§ Task directions
What you give back should be only the lines from the one holding "this 1600×1000 image." through the final line of the records, each reproduced exactly.

Data in this exercise Start Marker

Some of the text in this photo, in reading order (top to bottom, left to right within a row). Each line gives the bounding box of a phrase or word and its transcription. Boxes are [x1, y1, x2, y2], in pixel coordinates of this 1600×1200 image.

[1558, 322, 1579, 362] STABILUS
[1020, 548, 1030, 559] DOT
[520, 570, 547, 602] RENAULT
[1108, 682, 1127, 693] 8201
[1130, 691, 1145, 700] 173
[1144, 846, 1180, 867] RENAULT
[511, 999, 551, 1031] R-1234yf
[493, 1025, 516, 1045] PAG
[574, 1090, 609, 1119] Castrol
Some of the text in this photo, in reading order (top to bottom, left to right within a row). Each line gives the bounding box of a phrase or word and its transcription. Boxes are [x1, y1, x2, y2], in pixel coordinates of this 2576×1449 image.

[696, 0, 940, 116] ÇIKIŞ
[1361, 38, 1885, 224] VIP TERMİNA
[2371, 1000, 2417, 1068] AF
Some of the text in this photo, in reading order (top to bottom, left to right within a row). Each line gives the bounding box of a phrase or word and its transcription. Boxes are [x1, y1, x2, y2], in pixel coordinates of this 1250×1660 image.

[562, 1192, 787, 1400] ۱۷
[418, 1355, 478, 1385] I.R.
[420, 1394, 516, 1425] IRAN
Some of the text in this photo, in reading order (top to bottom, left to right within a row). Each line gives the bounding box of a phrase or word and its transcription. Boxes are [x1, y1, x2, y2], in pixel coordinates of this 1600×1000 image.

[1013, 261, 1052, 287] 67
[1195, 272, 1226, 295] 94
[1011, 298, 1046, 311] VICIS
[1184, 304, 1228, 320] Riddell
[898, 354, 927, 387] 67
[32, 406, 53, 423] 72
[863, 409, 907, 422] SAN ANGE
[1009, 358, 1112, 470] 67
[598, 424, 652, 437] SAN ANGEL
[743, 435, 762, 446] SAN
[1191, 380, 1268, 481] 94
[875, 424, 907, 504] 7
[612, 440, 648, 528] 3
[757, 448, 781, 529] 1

Data in this exercise End Marker

§ Completed task
Some of the text in this photo, in reading order (top to bottom, left to right within a row). Each line gives the bounding box of a phrase or word and its transcription. Boxes are [x1, y1, x2, y2], in pixel coordinates of this 1600×1000 image.

[1013, 261, 1052, 287] 67
[1195, 272, 1226, 295] 94
[1011, 298, 1046, 311] VICIS
[1184, 304, 1228, 320] Riddell
[898, 354, 927, 387] 67
[32, 406, 53, 423] 72
[863, 409, 907, 422] SAN ANGE
[1009, 358, 1112, 470] 67
[598, 424, 652, 437] SAN ANGEL
[743, 435, 762, 446] SAN
[1191, 380, 1268, 481] 94
[875, 424, 907, 504] 7
[612, 440, 648, 528] 3
[757, 448, 781, 529] 1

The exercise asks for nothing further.